Sabber Ahamed | Geophysicist & Data Scientist

Consider what you are asking a geodynamic simulation to do.

On one end of the problem: model the slow, viscous creep of the mantle — a fluid with viscosity $10^{21}$ times that of water — deforming continents over hundreds of millions of years, opening ocean basins, building mountain ranges, and driving the drift of tectonic plates at a few centimeters per year.

On the other end: capture an earthquake rupture that initiates on a fault segment, propagates at velocities approaching the shear wave speed, and arrests — all within 60 to 90 seconds.

These two phenomena are governed by the same underlying physics. They are causally connected: the slow tectonic loading accumulates the stress that the earthquake instantaneously releases. And yet the timescales they operate on differ by a factor of roughly $10^{14}$ — fourteen orders of magnitude.

This is the central challenge of computational geodynamics.
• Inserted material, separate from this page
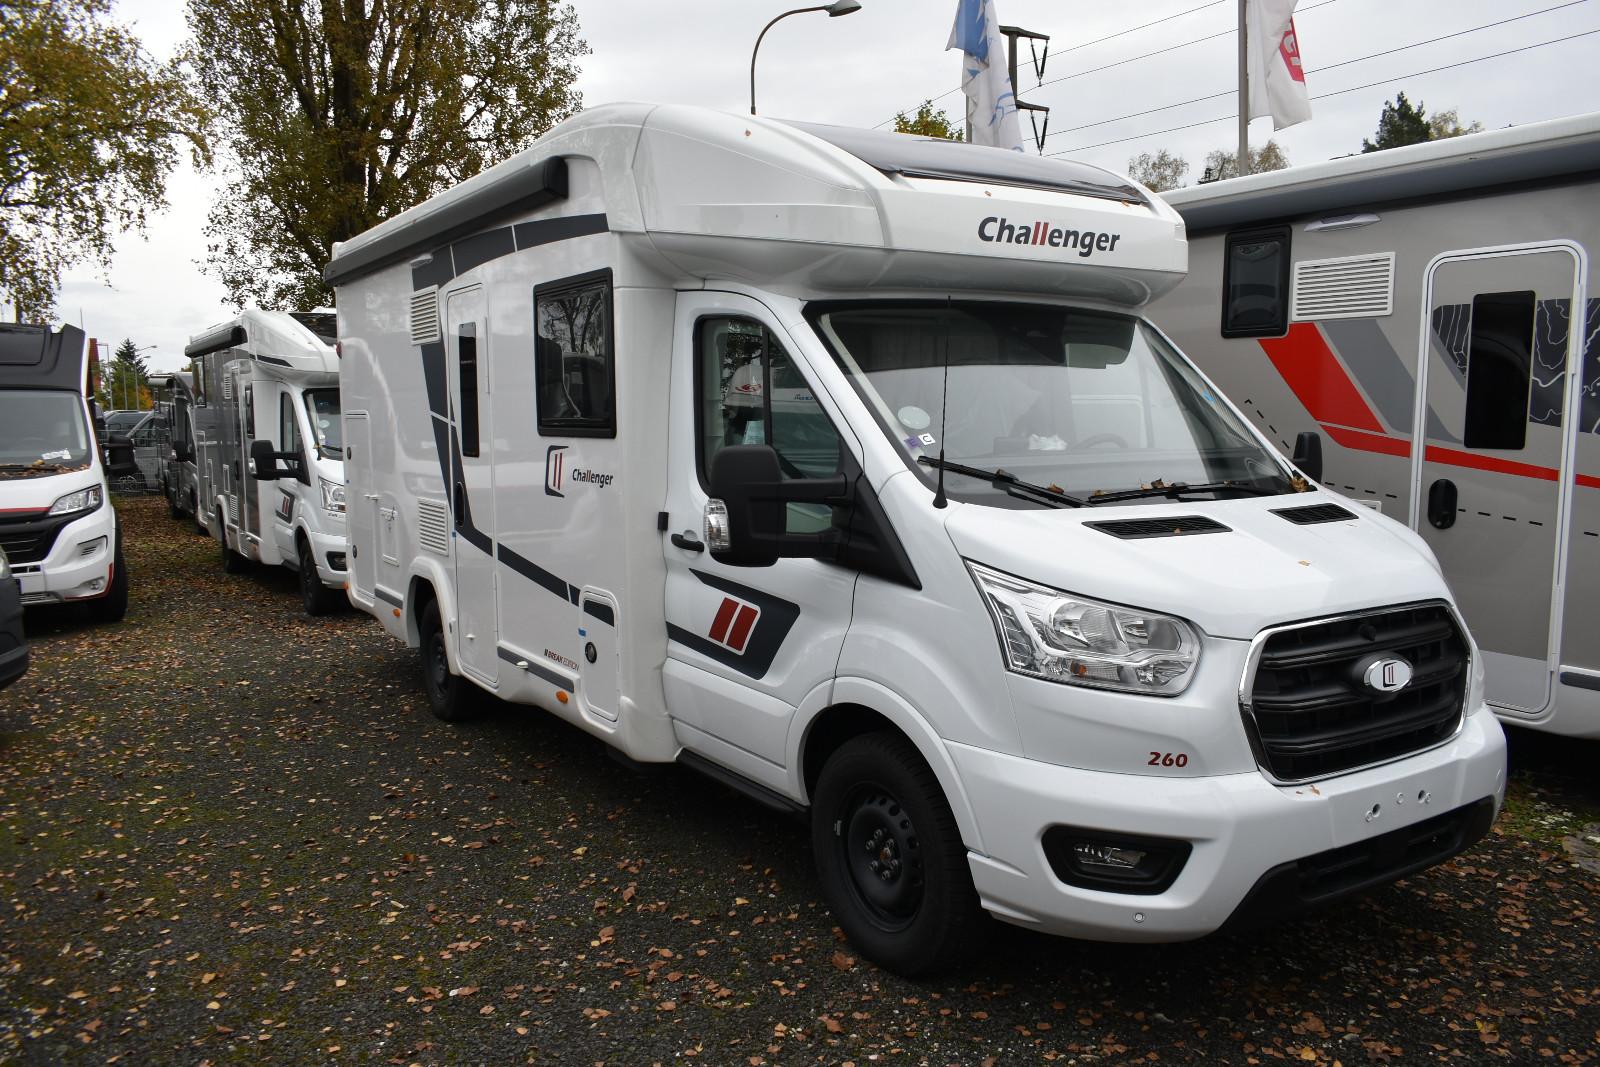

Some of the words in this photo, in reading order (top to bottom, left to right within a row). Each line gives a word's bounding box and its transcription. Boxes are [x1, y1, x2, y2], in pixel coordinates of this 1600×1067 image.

[977, 216, 1121, 258] Challenger
[572, 468, 614, 489] Challenger
[1147, 751, 1188, 768] 260
And it is why machine learning, for all its recent power, has not yet solved it — but may be the only realistic path forward.
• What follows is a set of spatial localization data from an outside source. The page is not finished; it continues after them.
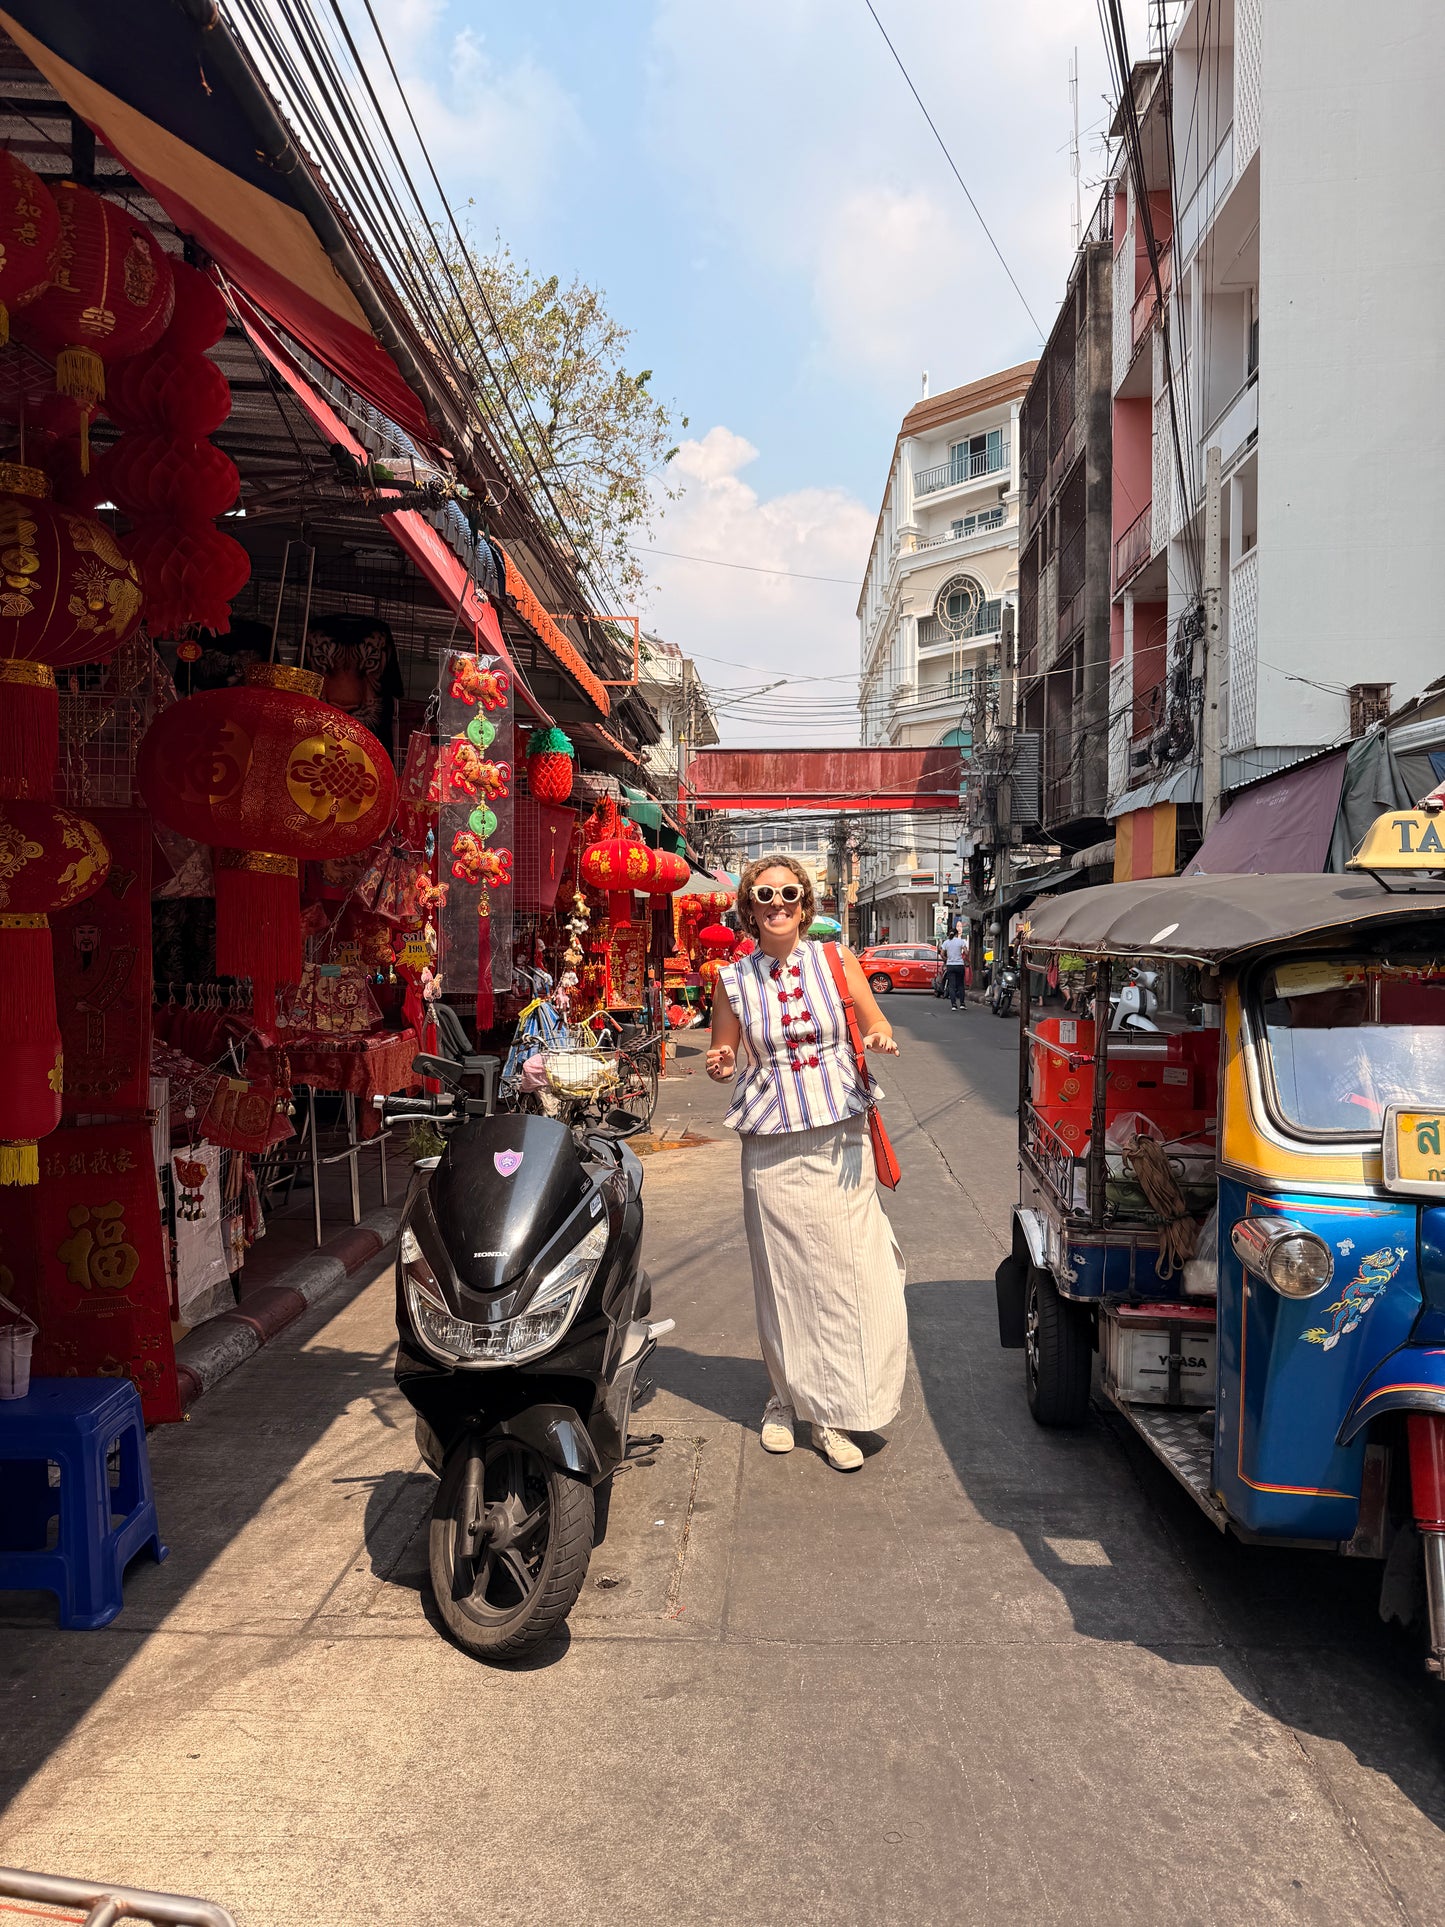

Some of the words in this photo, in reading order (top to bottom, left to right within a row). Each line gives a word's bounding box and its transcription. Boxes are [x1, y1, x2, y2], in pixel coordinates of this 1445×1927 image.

[1391, 819, 1445, 853] TA
[403, 930, 424, 941] sal
[339, 940, 359, 950] sal
[56, 1199, 140, 1290] 福
[1159, 1355, 1207, 1368] YASA
The Physics: One Framework, Many Regimes

Despite the apparent diversity of tectonic systems — thrust faults, normal faults, transform faults, mid-ocean ridges, subduction zones, metamorphic core complexes — the governing equations are largely shared. At the core is the Stokes equation for a viscous, incompressible fluid under gravitational body forces:

$-\nabla p + \nabla \cdot \boldsymbol{\tau} + \rho \mathbf{g} = 0$

$\nabla \cdot \mathbf{v} = 0$

where $p$ is pressure, $\boldsymbol{\tau}$ is the deviatoric stress tensor, $\rho$ is density, $\mathbf{g}$ is gravitational acceleration, and $\mathbf{v}$ is velocity. Coupled to this is the energy equation:

$\rho C_p \left( \frac{\partial T}{\partial t} + \mathbf{v} \cdot \nabla T \right) = \nabla \cdot (k \nabla T) + Q$

which governs how temperature $T$ evolves through advection, conduction, and internal heat production $Q$ . The rheology — how the material deforms in response to stress — closes the system, and this is where complexity explodes. Earth materials are neither purely viscous nor purely elastic. Depending on temperature, pressure, strain rate, and mineralogy, the mantle behaves as a non-Newtonian power-law fluid, the crust as an elastoplastic solid, and fault zones as frictional interfaces governed by rate-and-state laws.
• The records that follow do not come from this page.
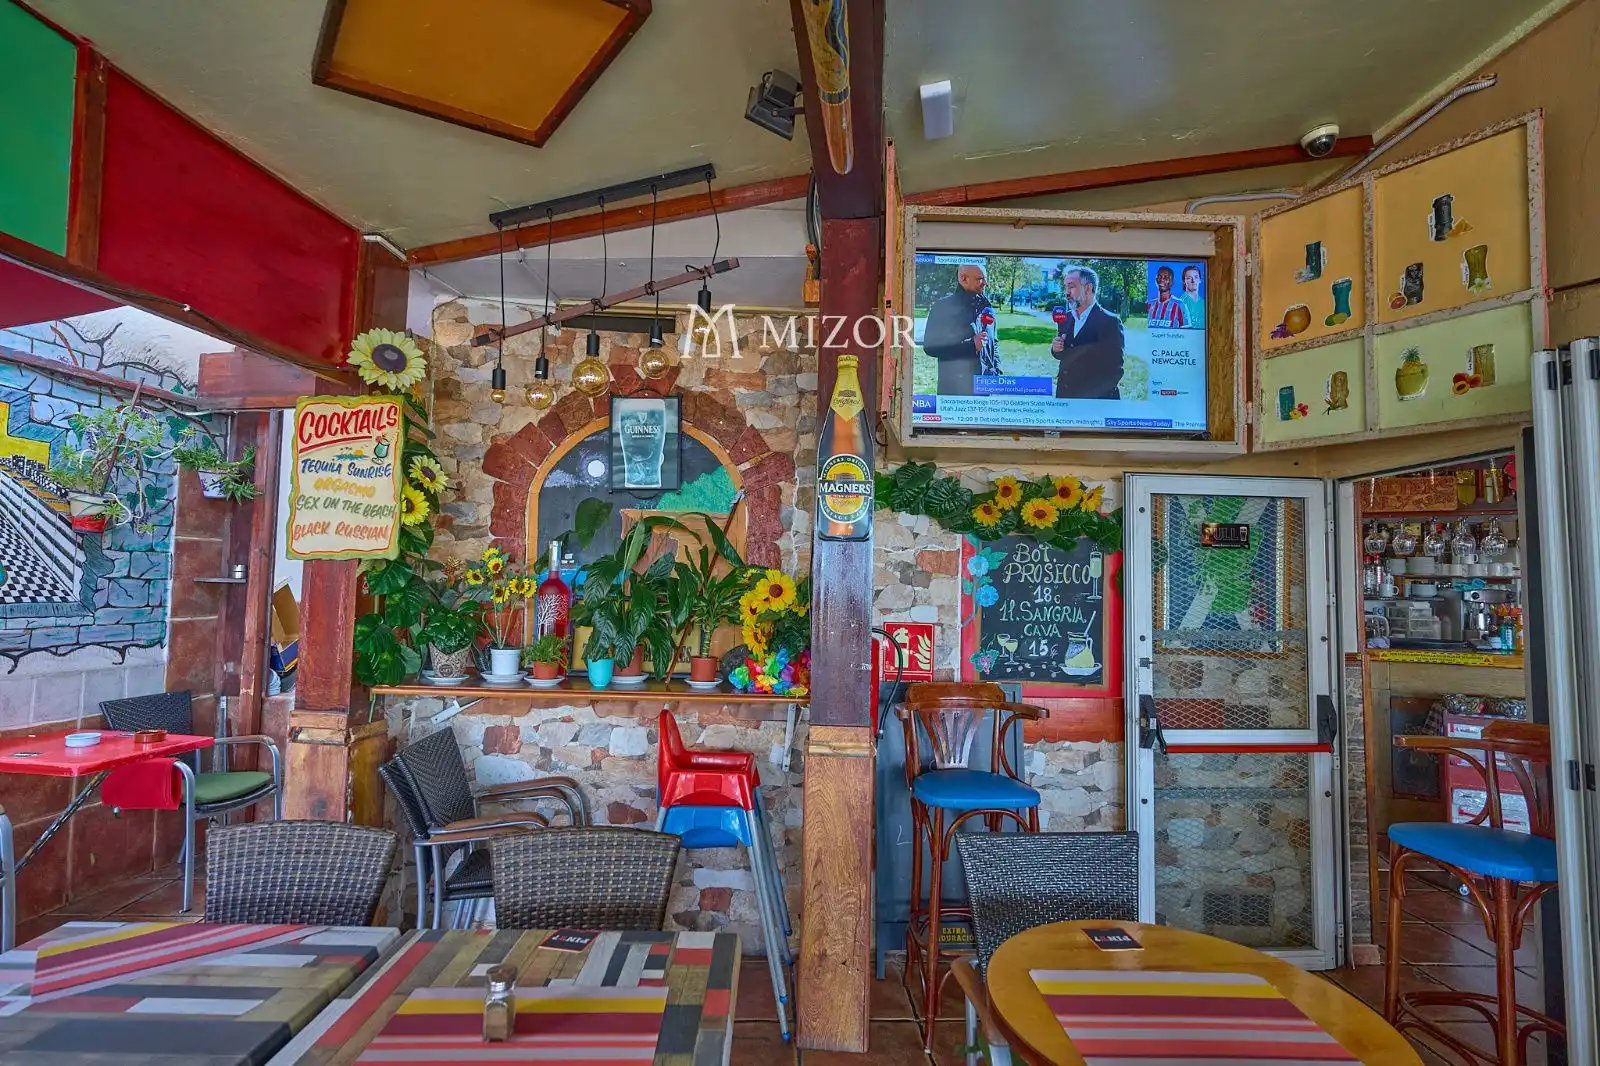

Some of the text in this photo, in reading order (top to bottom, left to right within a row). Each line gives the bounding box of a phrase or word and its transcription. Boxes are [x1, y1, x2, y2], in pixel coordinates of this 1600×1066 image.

[1152, 349, 1190, 358] C. PALACE
[1151, 357, 1197, 366] NEWCASTLE
[998, 377, 1016, 385] Dias
[912, 400, 931, 408] NBA
[299, 404, 398, 444] COCKTAILS
[624, 424, 661, 434] GUINNESS
[301, 458, 392, 479] TEQUILA SUNRISE
[819, 481, 871, 496] MAGNERS
[296, 494, 397, 520] SEX ON THE BEACH
[293, 520, 389, 542] BLACK RUSSIAN
[1204, 527, 1239, 541] PULL
[1002, 562, 1091, 584] PROSECCO
[1023, 623, 1062, 638] CAVA
[940, 934, 976, 942] DURACIO
What changes between a thrust fault and a mid-ocean ridge is not the equations — it is the geometry, the boundary conditions, the rheological regime, and the dominant physical process. This apparent simplicity masks enormous computational complexity.

The Multiscale Problem

My PhD dissertation, "Computational Journey Across Multiphysics and Multitemporal Scales: From Slow Tectonic Movement to Fast Earthquake Slip" (University of Memphis, 2018) [1], was named for exactly this challenge. Getting a single geodynamic model to faithfully represent physics across widely separated timescales is not an engineering inconvenience — it is a fundamental obstacle.

The relevant scales are:

Process	Timescale	Length Scale	Dominant Physics
Mantle convection	$10^6$ – $10^9$ yr	$10^2$ – $10^3$ km	Viscous Stokes flow, heat transport
Plate tectonics / rifting	$10^5$ – $10^8$ yr	$10^2$ – $10^3$ km	Viscoplastic flow, lithospheric flexure
Fault zone evolution	$10^3$ – $10^6$ yr	$1$ – $100$ km	Frictional creep, damage mechanics
Seismic cycle	$10^1$ – $10^3$ yr	$1$ – $100$ km	Viscoelastic relaxation, interseismic coupling
Earthquake nucleation	$10^{-2}$ – $10^1$ yr	$0.1$ – $10$ km	Rate-and-state friction, pore pressure
Dynamic rupture	$10^{-2}$ – $10^2$ s	$0.1$ – $500$ km	Elastodynamics, slip-weakening

Bridging even two adjacent rows in this table requires solving problems with fundamentally different numerical character. Long-timescale tectonic models use quasi-static solvers and large time steps. Rupture models must resolve the wave equation on millisecond timescales. The recent work of Jourdon et al. (2025) represents the state of the art: a coupled ASPECT–SeisSol framework that resolves geodynamics over millions of years and dynamic rupture over seconds — but only by loosely coupling two separate solvers in a one-way pipeline [2]. A fully coupled simulation remains out of reach.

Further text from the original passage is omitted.